# Data under study:
_ _ _ _

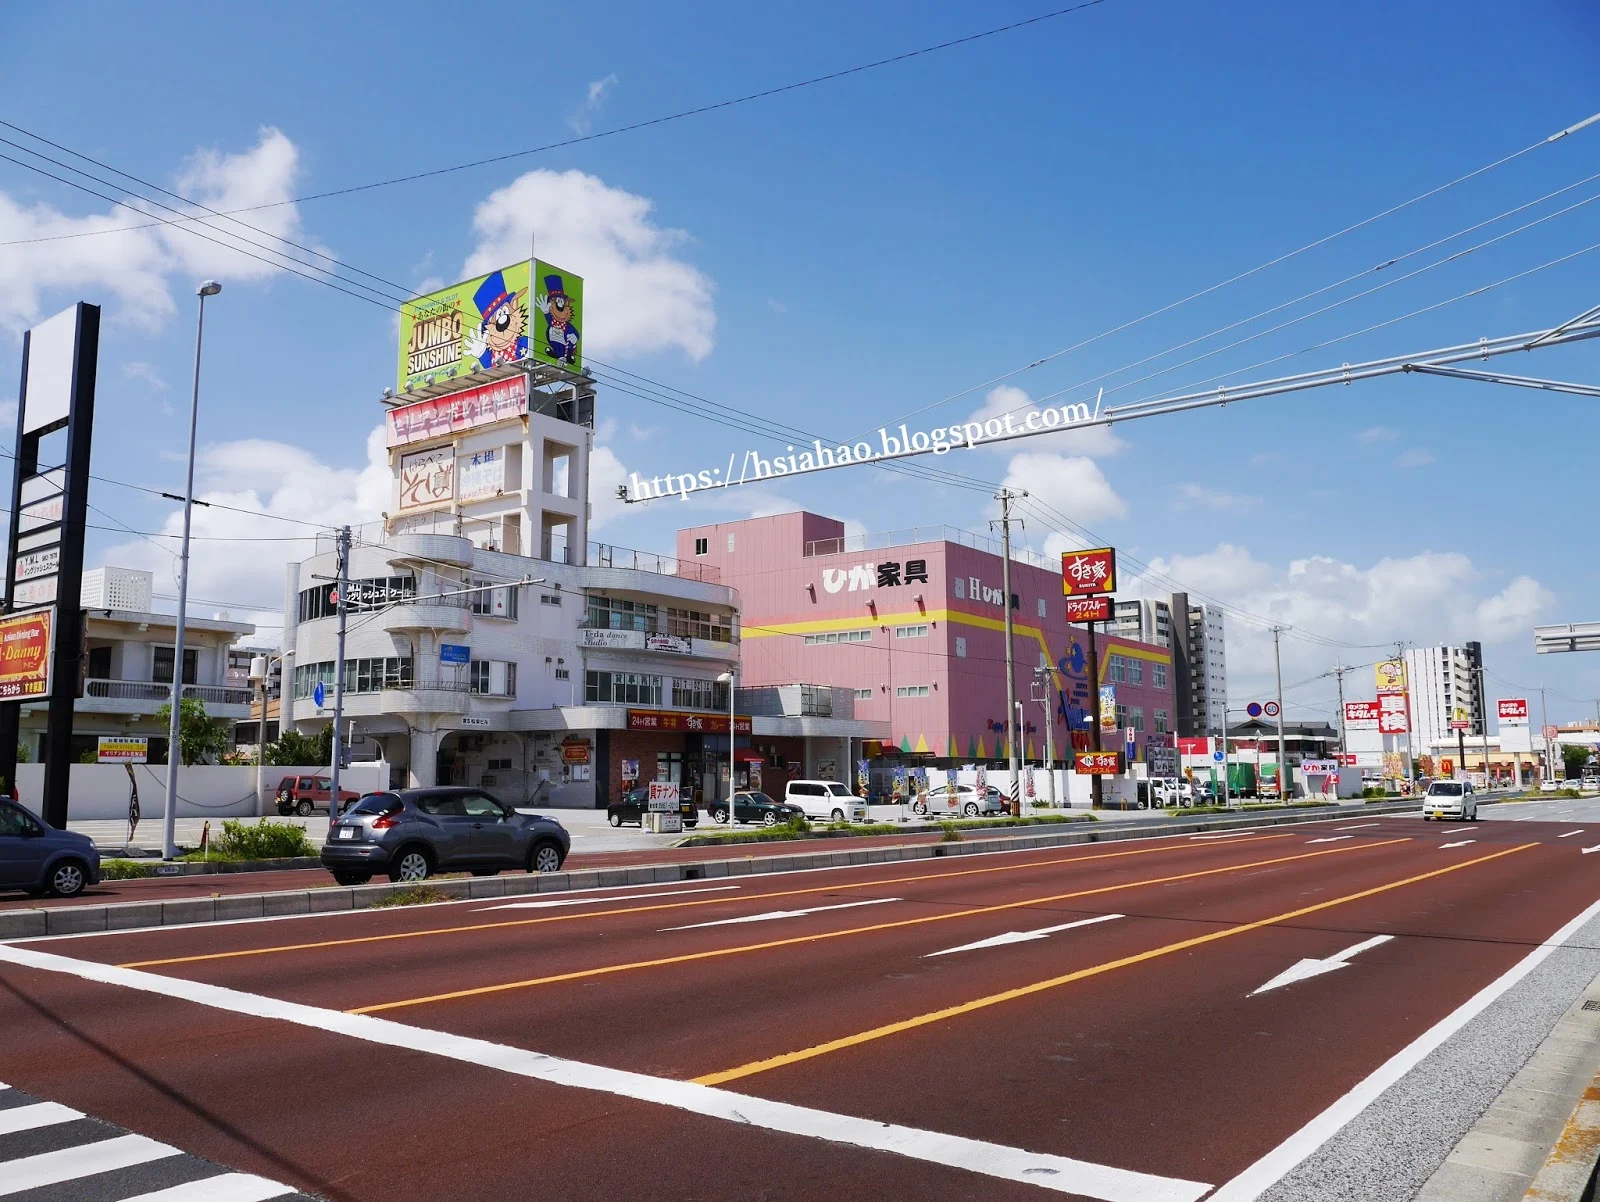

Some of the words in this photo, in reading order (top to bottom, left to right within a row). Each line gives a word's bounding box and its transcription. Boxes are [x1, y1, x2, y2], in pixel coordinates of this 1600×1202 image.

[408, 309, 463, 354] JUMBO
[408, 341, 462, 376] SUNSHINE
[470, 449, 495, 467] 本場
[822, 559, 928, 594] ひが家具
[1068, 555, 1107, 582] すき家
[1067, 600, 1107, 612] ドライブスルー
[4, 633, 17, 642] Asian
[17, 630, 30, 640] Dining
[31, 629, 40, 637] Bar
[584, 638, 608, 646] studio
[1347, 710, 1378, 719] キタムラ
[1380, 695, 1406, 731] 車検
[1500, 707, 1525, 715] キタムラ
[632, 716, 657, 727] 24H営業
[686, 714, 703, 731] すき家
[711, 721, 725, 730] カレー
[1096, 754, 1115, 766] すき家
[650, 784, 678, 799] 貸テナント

_ _ _ _

# Exercise brief:
Type the entries again verbatim. Any pictures should be skipped.

# Answer to the exercise:
Some of the words in this photo, in reading order (top to bottom, left to right within a row). Each line gives a word's bounding box and its transcription. Boxes are [x1, y1, x2, y2], in pixel coordinates of this 1600×1202 image.

[408, 309, 463, 354] JUMBO
[408, 341, 462, 376] SUNSHINE
[470, 449, 495, 467] 本場
[822, 559, 928, 594] ひが家具
[1068, 555, 1107, 582] すき家
[1067, 600, 1107, 612] ドライブスルー
[4, 633, 17, 642] Asian
[17, 630, 30, 640] Dining
[31, 629, 40, 637] Bar
[584, 638, 608, 646] studio
[1347, 710, 1378, 719] キタムラ
[1380, 695, 1406, 731] 車検
[1500, 707, 1525, 715] キタムラ
[632, 716, 657, 727] 24H営業
[686, 714, 703, 731] すき家
[711, 721, 725, 730] カレー
[1096, 754, 1115, 766] すき家
[650, 784, 678, 799] 貸テナント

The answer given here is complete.